Soudan

L’éducation des élèves déplacés à cause du conflit au Sud-Soudan

Image de l'UNICEF
© UNICEF/Sudan/2008
Un bon nombre d’élèves déplacés étudient à l’école primaire de Juoljok, à Agok, au Soudan, où la plupart des classes se passent sous les arbres.

Par Jo Dunop

AGOK, Soudan, 3 octobre 2008 – Deng Ring, 18 ans, fait partie des nombreux nouveaux élèves de l’école primaire de Juoljok, à Agok, au Sud-Soudan. Ils se sont enfuis récemment de chez eux, à Abyei, à 45 km au nord de Juoljok, à cause des combats qui ont repris là-bas.

« Je veux vraiment achever mon cycle primaire, c’est ce que j’espère cette année », dit Deng. Par temps de guerre et lorsqu’on est déplacé, l’éducation aide à retrouver le sens de la normalité, répondant aux besoins immédiats de jeunes comme Deng.

Malgré un accord de paix signé en janvier 2005, le Soudan souffre encore du conflit. Abyei, avec ses riches réserves de pétrole, est depuis longtemps l’objet de contestations entre le nord et le sud. Après une longue escalade dans la tension entre l’Armée de libération du peuple soudanais au sud et les Forces armées soudanaises au nord, des combats ont éclaté dans la ville à la mi-mai.

Les violences se sont poursuivies pendant près de trois semaines, détruisant pratiquement la ville d’Abyei et entraînant le déplacement de 50 000 habitants. Des milliers d’enfants ont été touchés et ils risquent fort de voir leurs études interrompues.

« Pour le moment, nous sommes hors de danger »
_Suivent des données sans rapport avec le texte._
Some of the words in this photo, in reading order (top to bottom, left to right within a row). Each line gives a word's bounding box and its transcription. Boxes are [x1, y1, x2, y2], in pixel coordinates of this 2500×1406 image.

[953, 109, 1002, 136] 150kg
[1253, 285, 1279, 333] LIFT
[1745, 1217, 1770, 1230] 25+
Deng et sa camarade de classe Monica Achol ont été plongées dans la tourmente le jour où le conflit a éclaté à Abyei. Les deux filles se sont enfuies avec guère plus que leurs vêtements sur le dos. Elles sont à présent installées temporairement à Agok.

« Nous sommes parties d’Abyei, ma mère et moi, mais nous avons perdu mon père dans les combats », rappelle Deng tristement. « J’ai ressenti tellement de colère et j’étais si malheureuse, mais les choses vont mieux, maintenant. Ici, pour le moment, nous sommes hors de danger, mais je veux rentrer chez moi, à Abyei. »
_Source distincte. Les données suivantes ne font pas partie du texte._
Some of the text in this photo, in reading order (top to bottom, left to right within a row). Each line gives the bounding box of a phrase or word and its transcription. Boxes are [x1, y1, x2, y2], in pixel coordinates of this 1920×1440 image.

Monica a quitté Abyei dans des circonstances similaires. Lorsque les combats ont éclaté, pour y échapper, elle a couru se réfugier dans la brousse. Elle a marché toute une journée avant d’atteindre Agok, où elle a retrouvé ses parents. Mais elle se fait du souci pour sa grand-mère, qui est peut-être en danger.

« J’ai entendu beaucoup de choses sur des personnes tuées dans les combats et sur d’autres séparées de leur famille », déclare Monica. « Je ne sais pas vraiment où se trouve ma grand-mère, car elle était trop âgée pour venir avec nous. J’espère qu’elle est encore à Abyei. Elle me manque. »

Des classes en plein air

La possibilité de rester scolarisées, a donné à Deng, Monica et des centaines d’élèves comme elles une certaine stabilité, face à un avenir imprévisible.

Actuellement, l’école primaire de Juoljok accueille 836 élèves, dont 300 sont arrivés d’Abyei au cours des trois derniers mois. Comme dans beaucoup d’écoles du Sud-Soudan, à Juoljok, la plupart des classes se passent sous les arbres. Durant l’interminable saison des pluies, elles sont souvent annulées.

Le directeur de l’école a la ferme intention d’aider les nouveaux élèves. Il est toutefois préoccupé par les classes pléthoriques et par le manque de moyens persistant.

L’attente du retour de la paix

« Chaque jour, nous accueillons de nouveaux élèves dans l’école, et c’est notre devoir d’aider ces enfants », dit-il. « Mais nous sommes peu d’enseignants et déjà nos classes se passent, pour la plupart d’entre elles, sous les arbres. Je suis reconnaissant à l’UNICEF pour tout ce que l’organisation nous a donné. Cela améliore les choses, pour nos enseignants et pour les élèves. »

L’UNICEF a distribué des tentes écoles d’urgence à l’école de Juoljok pour lui permettre de recevoir ses élèves supplémentaires. Ce qui est essentiel au travail des élèves, comme les cahiers d’exercice, les tableaux noirs et les stylos, a aussi été distribué. Il s’agit des premières mesures pour la réhabilitation des écoles au Soudan et pour remettre le pays sur les rails.

Il y aurait 40 000 déplacés qui camperaient dans Agok et autour de la ville, espérant un retour de la paix et éventuellement de rentrer chez eux, pour se bâtir une nouvelle vie. Pour les enfants dans ces familles déplacées, dont le monde a été totalement bouleversé, le fait d’aller à l’école est une base solide sur laquelle ils peuvent compter.